◆ **Work instructions**: Would you return the data exactly as given, except for its pictures?

◆ **Excerpted records**:
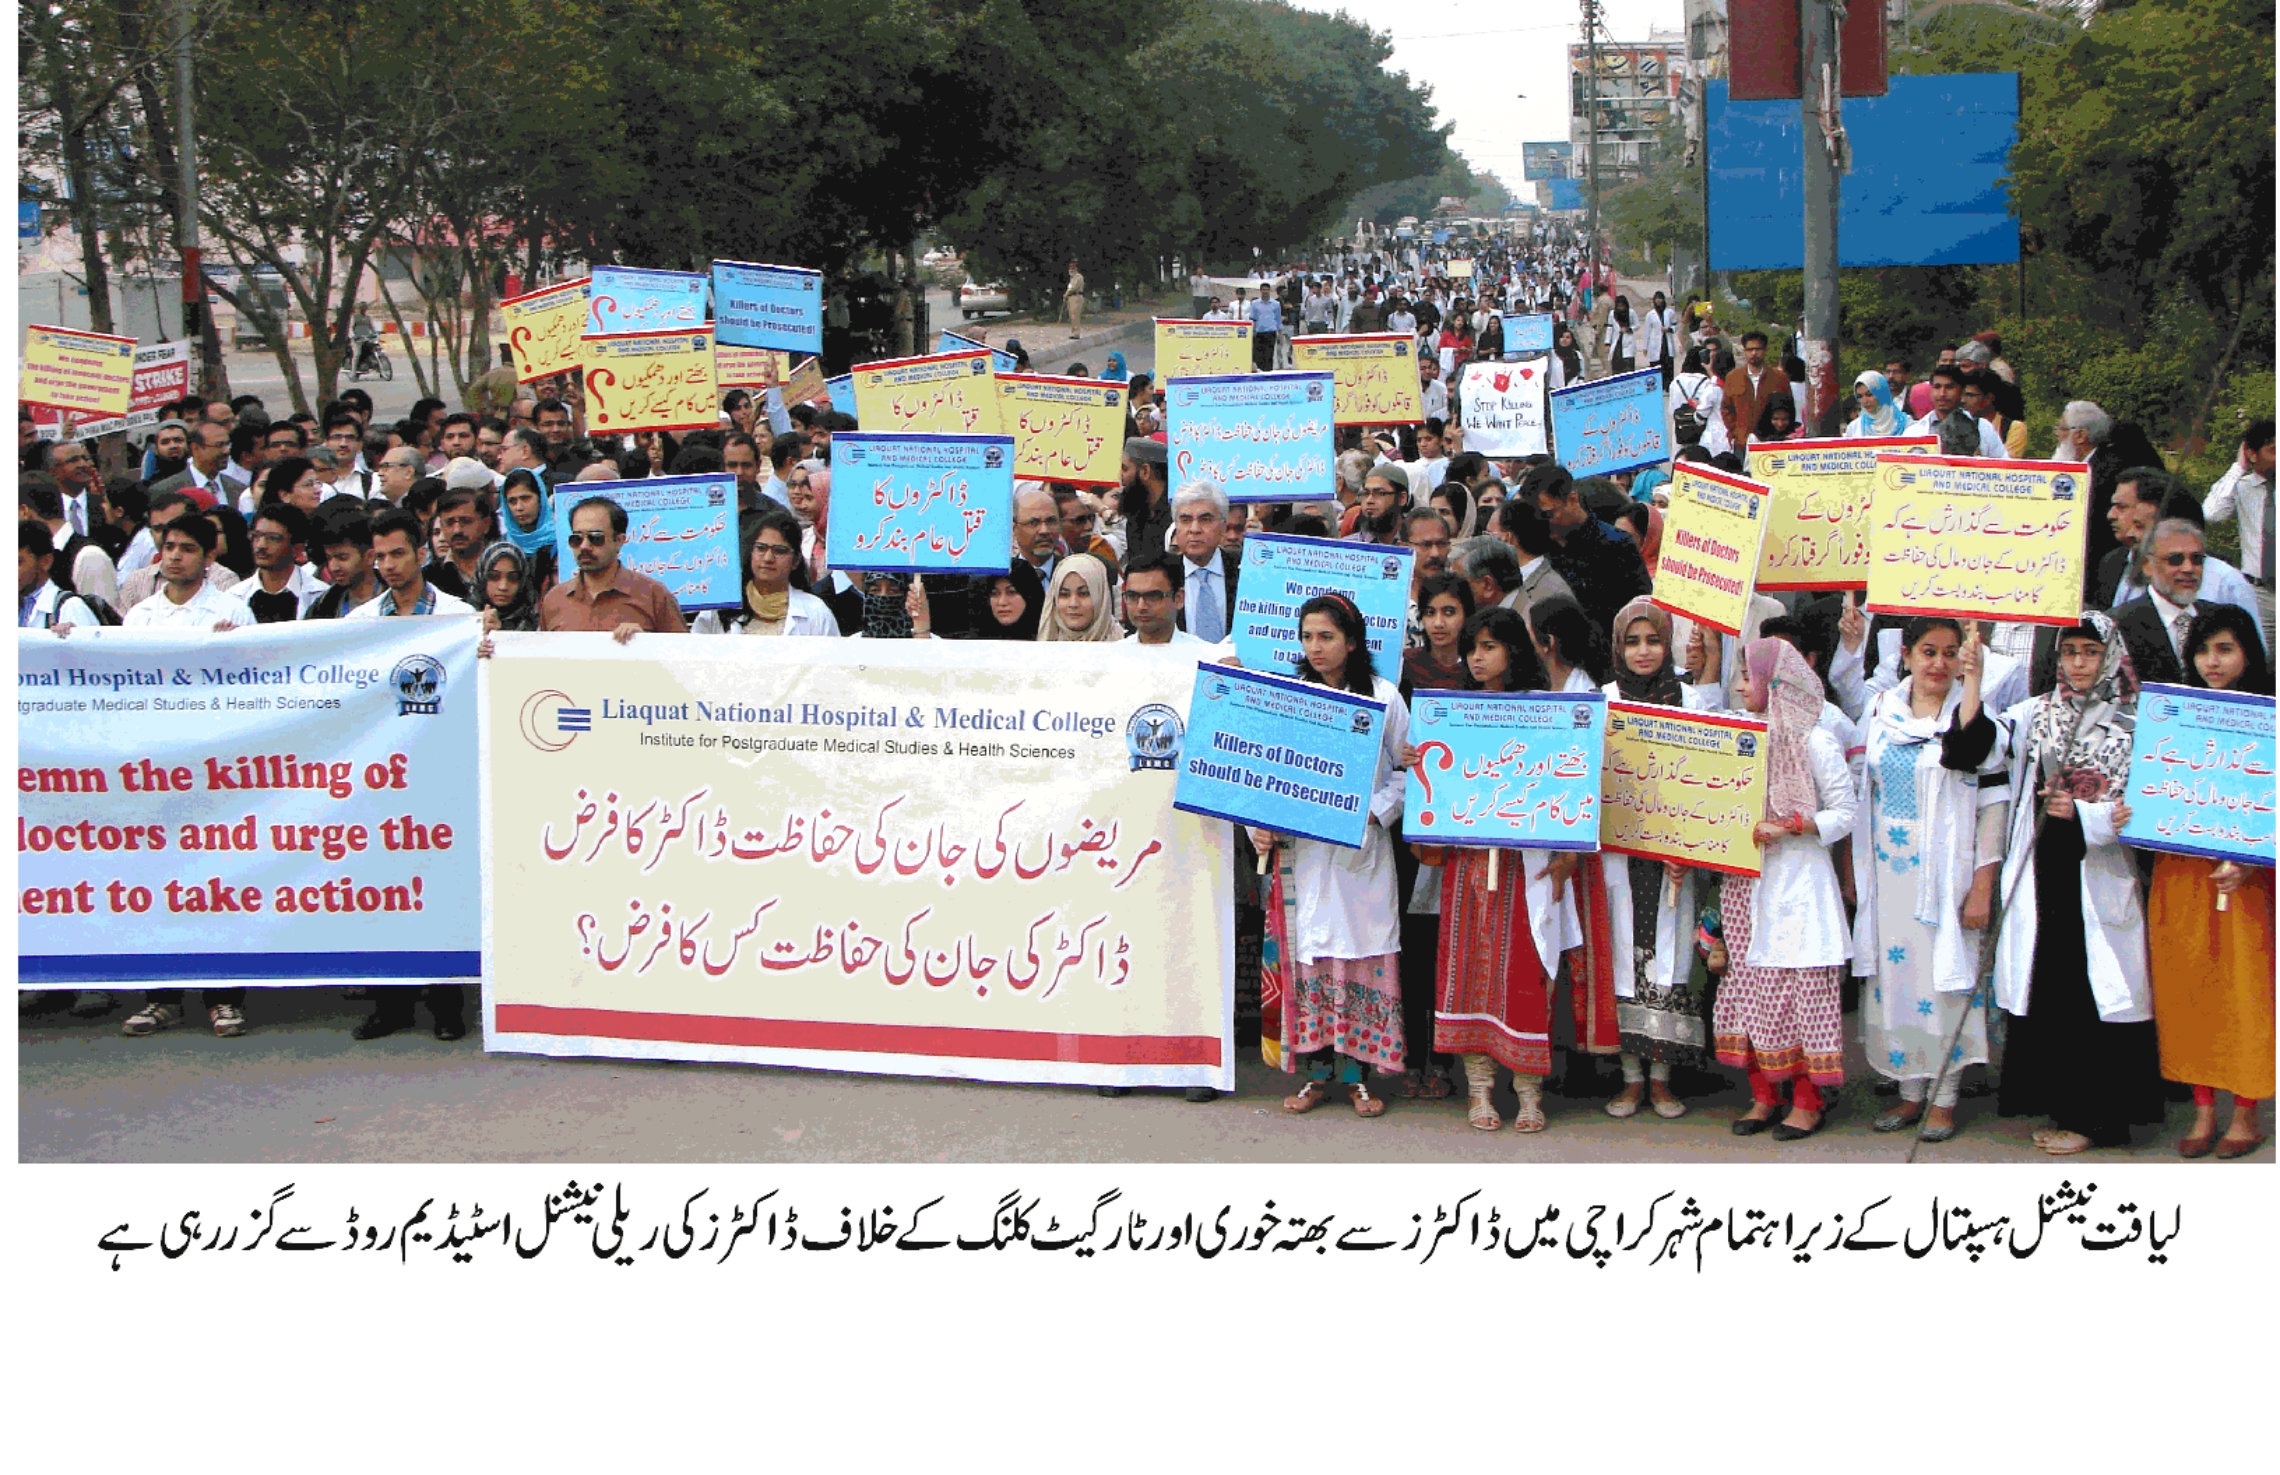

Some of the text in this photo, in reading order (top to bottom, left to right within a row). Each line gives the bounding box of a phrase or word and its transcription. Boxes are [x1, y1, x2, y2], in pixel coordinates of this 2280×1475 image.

[1675, 529, 1740, 564] Killers of Doctors
[1286, 582, 1302, 595] We
[1661, 556, 1744, 597] should be Prosecuted!
[1239, 599, 1291, 618] the killing
[1248, 625, 1295, 641] and urge
[1274, 649, 1285, 661] to
[68, 668, 163, 692] Hospital
[172, 668, 192, 686] &
[201, 665, 291, 686] Medical
[301, 664, 380, 689] College
[92, 698, 148, 711] Medical
[153, 697, 206, 711] Studies
[211, 697, 221, 710] &
[227, 697, 271, 711] Health
[277, 696, 342, 710] Sciences
[602, 698, 1117, 739] Liaquat National Hospital & Medical College
[1234, 682, 1348, 716] LIAQUAT NATIONAL HOSPITAL
[1245, 695, 1334, 723] AND MEDICAL COLLEGE
[640, 732, 1076, 759] Institute for Postgraduate Medical Studies & Health Sciences
[1213, 731, 1344, 778] Killers of Doctors
[119, 758, 194, 792] the
[206, 754, 353, 799] killing
[365, 754, 408, 790] of
[1189, 758, 1360, 812] should be Prosecuted!
[180, 815, 257, 851] and
[271, 823, 368, 860] urge
[380, 816, 453, 850] the
[545, 788, 1162, 888] مریضوں کی جان کی حفاظت ڈاکٹر کا فرض
[18, 876, 424, 914] ent to take action!
[680, 912, 711, 966] کا
[703, 898, 779, 976] کس
[760, 920, 883, 975] حفاظت
[884, 906, 931, 986] کی
[1006, 911, 1056, 991] کی
[1042, 914, 1130, 999] ڈاکٹر
[924, 934, 998, 997] جان
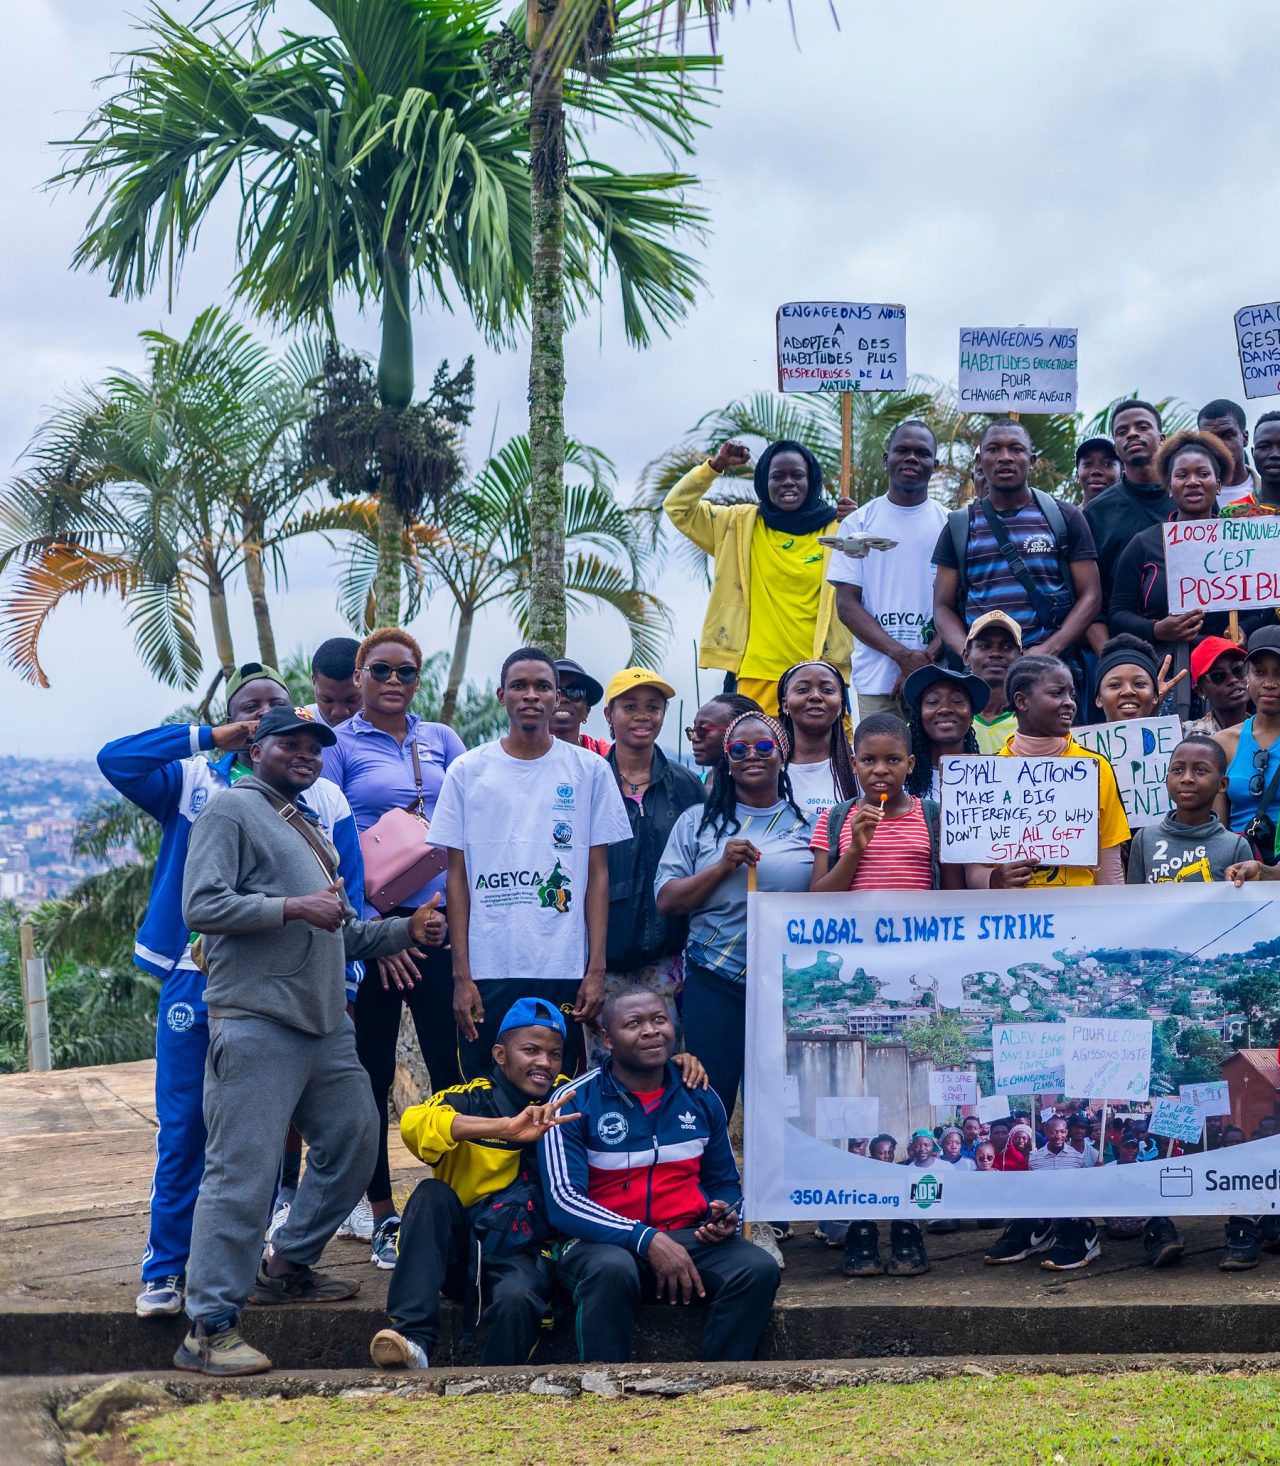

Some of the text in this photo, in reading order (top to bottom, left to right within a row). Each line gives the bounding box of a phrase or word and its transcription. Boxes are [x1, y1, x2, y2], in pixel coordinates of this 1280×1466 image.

◆ **Response to the task**:
Some of the text in this photo, in reading order (top to bottom, left to right within a row). Each line gives the bounding box of a phrase or word and its transcription. Boxes are [x1, y1, x2, y2], in pixel coordinates of this 2280×1475 image.

[1675, 529, 1740, 564] Killers of Doctors
[1286, 582, 1302, 595] We
[1661, 556, 1744, 597] should be Prosecuted!
[1239, 599, 1291, 618] the killing
[1248, 625, 1295, 641] and urge
[1274, 649, 1285, 661] to
[68, 668, 163, 692] Hospital
[172, 668, 192, 686] &
[201, 665, 291, 686] Medical
[301, 664, 380, 689] College
[92, 698, 148, 711] Medical
[153, 697, 206, 711] Studies
[211, 697, 221, 710] &
[227, 697, 271, 711] Health
[277, 696, 342, 710] Sciences
[602, 698, 1117, 739] Liaquat National Hospital & Medical College
[1234, 682, 1348, 716] LIAQUAT NATIONAL HOSPITAL
[1245, 695, 1334, 723] AND MEDICAL COLLEGE
[640, 732, 1076, 759] Institute for Postgraduate Medical Studies & Health Sciences
[1213, 731, 1344, 778] Killers of Doctors
[119, 758, 194, 792] the
[206, 754, 353, 799] killing
[365, 754, 408, 790] of
[1189, 758, 1360, 812] should be Prosecuted!
[180, 815, 257, 851] and
[271, 823, 368, 860] urge
[380, 816, 453, 850] the
[545, 788, 1162, 888] مریضوں کی جان کی حفاظت ڈاکٹر کا فرض
[18, 876, 424, 914] ent to take action!
[680, 912, 711, 966] کا
[703, 898, 779, 976] کس
[760, 920, 883, 975] حفاظت
[884, 906, 931, 986] کی
[1006, 911, 1056, 991] کی
[1042, 914, 1130, 999] ڈاکٹر
[924, 934, 998, 997] جان

Some of the text in this photo, in reading order (top to bottom, left to right within a row). Each line gives the bounding box of a phrase or word and its transcription. Boxes are [x1, y1, x2, y2], in pixel coordinates of this 1280×1466 image.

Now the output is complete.